昨今の教育改革で言われているのは、この求められる学問の姿が変化してきているということです。詰め込み型の受験偏重の教育では、学問に励んだところで、社会に出てから役に立たない、と言われるようになりました。AIが発達し、シンギュラリティが近づいていると言われる今、かつての職業の大半が、成立しなくなるとも言われています。だからこそ、人間にしかできない仕事を創出しなければなりません。探究学習などでアクティブラーニングを導入していっているのは、そのためですね。
こういった活動への取り組みは、学校によってまちまちですし、どこの学校の先生も手探りの状態です。なんなら、新型コロナウィルス禍の中でグループ活動が制限されていましたから、数年前から後退してしまっているようにも思われます。しかし、未来に訪れるであろう社会の変化がなくなったわけではありません。従来型の学習と比べると、軽視しがちな傾向にあるように思われますが、新たな学問(学習)の形をイメージして学び続けることには価値があると思いますよ。

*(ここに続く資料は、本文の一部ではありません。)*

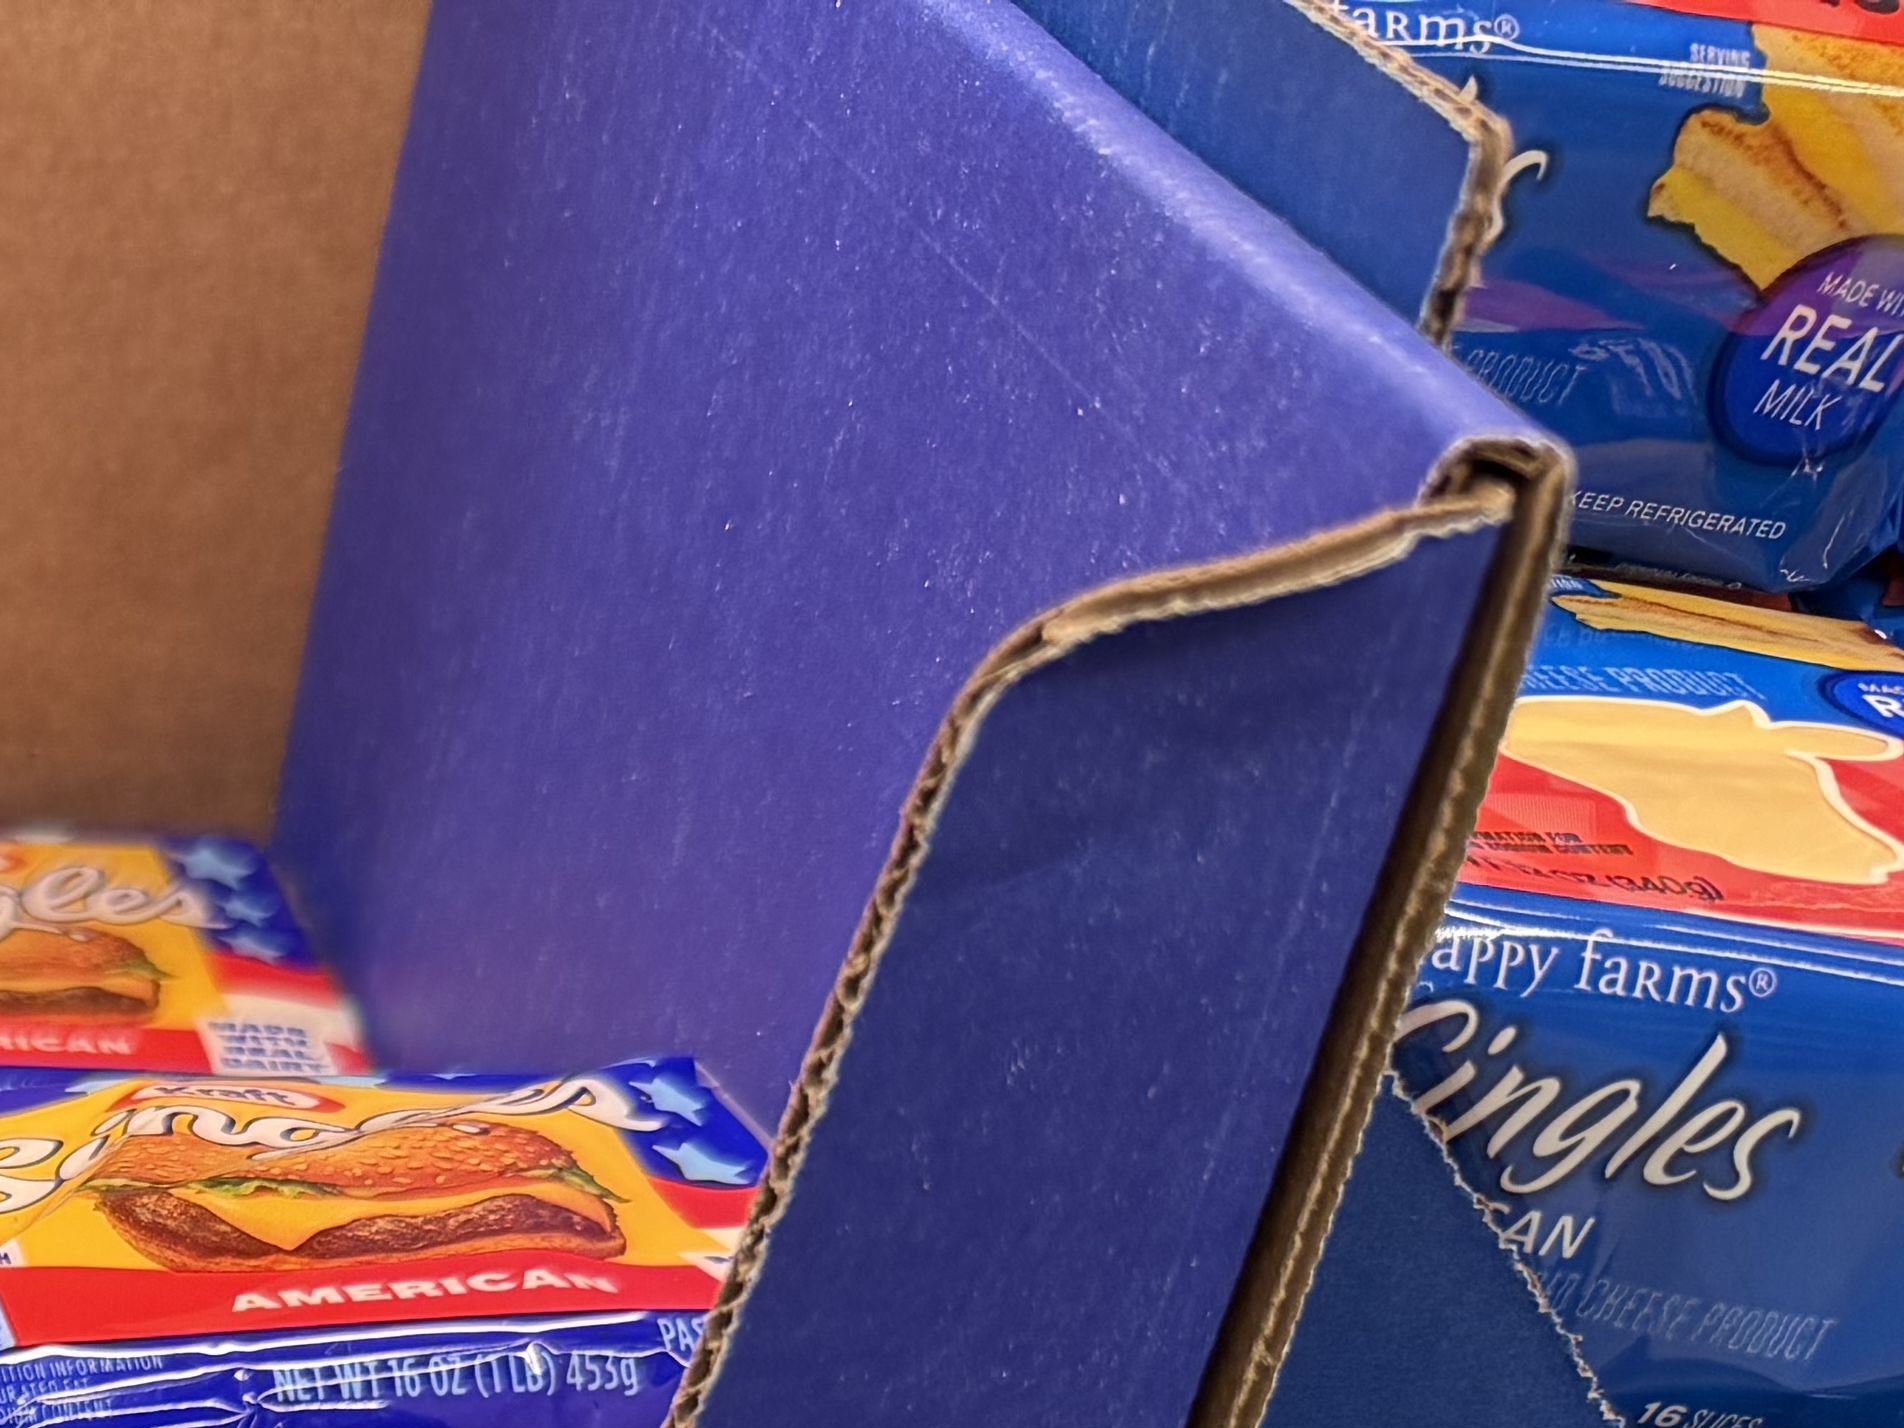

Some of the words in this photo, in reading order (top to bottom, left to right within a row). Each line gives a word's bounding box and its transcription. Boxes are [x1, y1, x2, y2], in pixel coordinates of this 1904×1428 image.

[1690, 43, 1751, 68] SERVING
[1816, 271, 1878, 307] MADE
[1760, 304, 1904, 393] REAL
[1753, 379, 1842, 431] MILK
[1625, 500, 1787, 540] REFRIGERATED
[1605, 666, 1766, 700] PRODUCT
[232, 1268, 620, 1313] AMERICAN
[1692, 1299, 1839, 1361] PRODUCT
[49, 1354, 163, 1380] INFORMATION
[274, 1365, 328, 1404] NET
[338, 1361, 384, 1402] WT
[393, 1357, 422, 1400] 16
[429, 1355, 467, 1398] OZ
[566, 1346, 639, 1396] 453g
[1638, 1402, 1688, 1428] 16

ただ、だからといって、従来の学問をおろそかにするわけにもいきません。土台となる知識や考え方が身についていない状況では、結局、「AIを使う人間」になることはできず、「AIに使われる人間」になってしまいます。また、探究活動でディスカッション技術をいくら磨いたとしても、そこで発信する中身がなければ、「口先だけの人間」になってしまいますね。

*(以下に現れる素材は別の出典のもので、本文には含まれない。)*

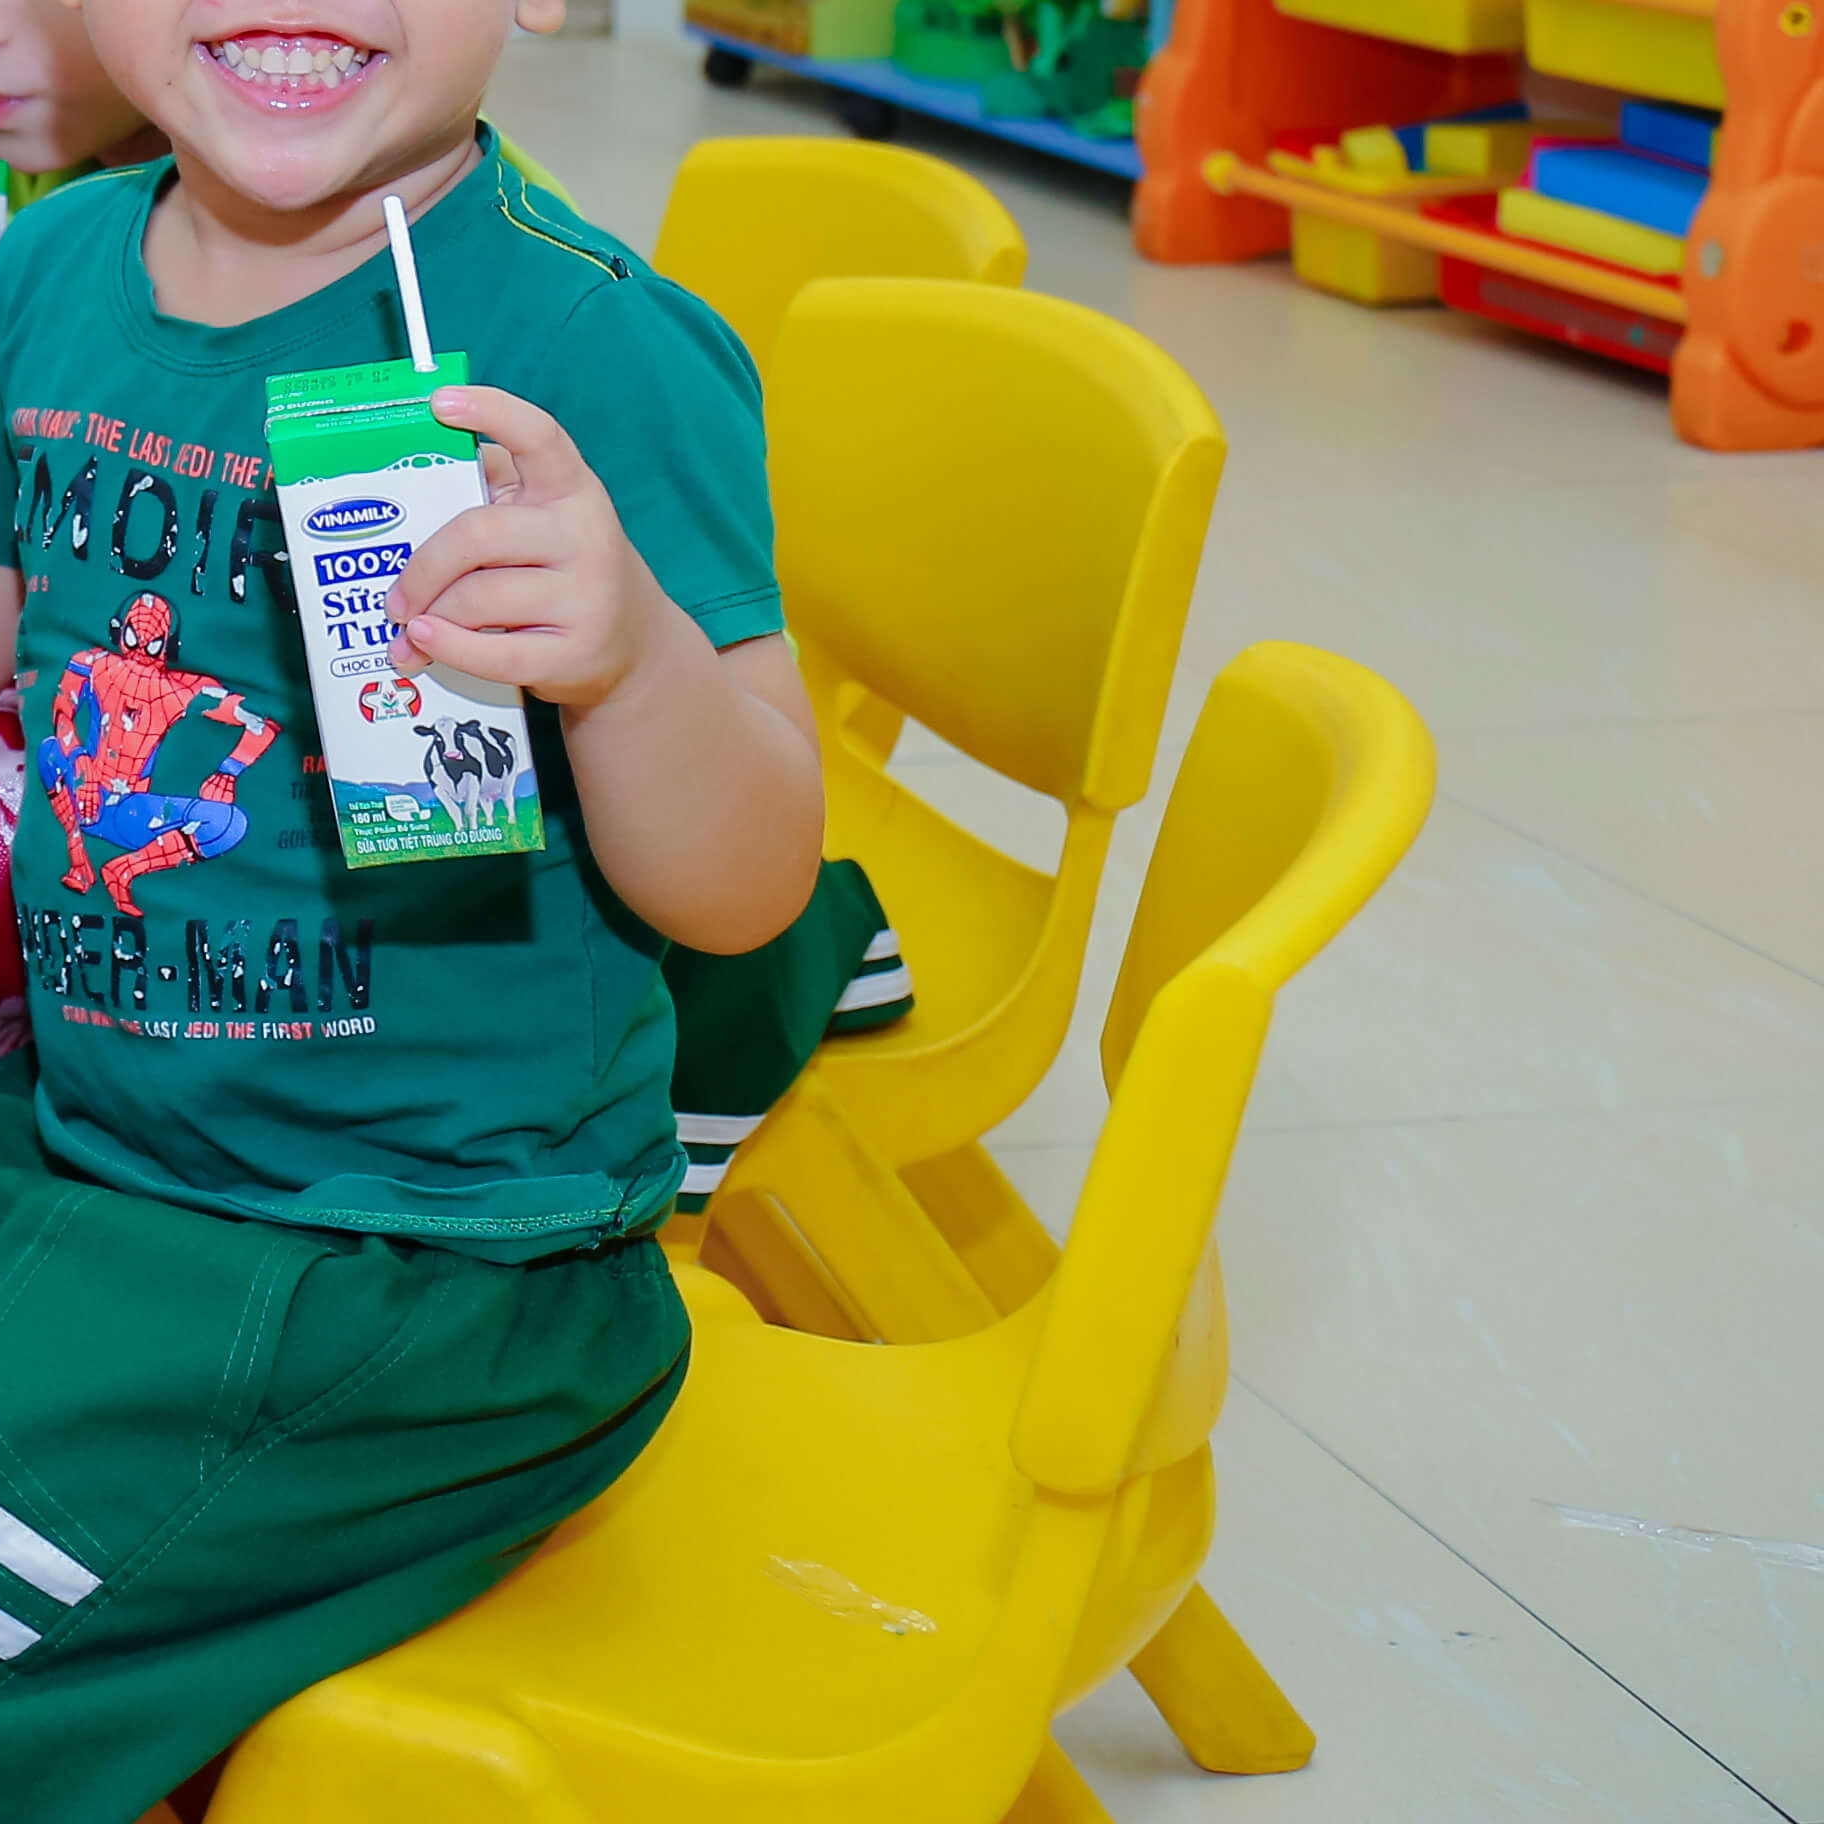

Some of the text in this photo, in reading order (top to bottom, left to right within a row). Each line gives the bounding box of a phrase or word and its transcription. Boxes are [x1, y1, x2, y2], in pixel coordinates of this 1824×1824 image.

[85, 412, 126, 453] THE
[221, 452, 263, 489] THE
[313, 505, 395, 528] VINAMILK
[320, 547, 407, 580] 100%
[372, 810, 386, 822] ml
[145, 1021, 179, 1039] LAST
[184, 1021, 220, 1039] JEDI
[225, 1021, 255, 1039] THE
[263, 1022, 313, 1040] FIRST
[321, 1016, 376, 1039] WORD

君達の将来はそれぞれです。皆、それぞれの世界で活躍することになります。だから、そのために学ぶ学問も大学以降は同じではなくなってきます。進路について考える際、期限に迫られてなんとなく決めるのではなく、未来のために学ぶものを選ぶ、という意識を持ちましょう。そして、選ぶためにはまず、一歩踏み出すことが重要です。自分勝手に分かった気になっていては、後から後悔することになりかねません。少しでも多くの情報を得られるように、体験を増やしていきましょう。情報系の仕事を考えているならプログラミング言語を学んでみる、医療系の仕事を考えているならボランティアなどに応募してみる。そういったアクティブな姿勢こそが、AIには真似のできない営みだと言えます。
ちなみに、私の経験上、努力を努力と感じないことを仕事にするのが、幸福への一番の近道です。私自身、国語教師としてたくさんの文章を読む必要がありますが、本を読むのは昔から大好きでした。まるで苦になりません。また、文章を書くことも好きでした。今、こうやってブログを書いていても、寝食を忘れて没頭してしまいます。周囲の人からは「すごいなぁ」とか「大変だなぁ」とか言われますね。でも、自分にとっては当たり前なのです。そういったことを仕事にできると良いと思いませんか?
そのためには、やはり一歩踏み出すことです。いろんな体験をし、いろんな本を読み、何が一番自分に向いているのかを検証していきましょう。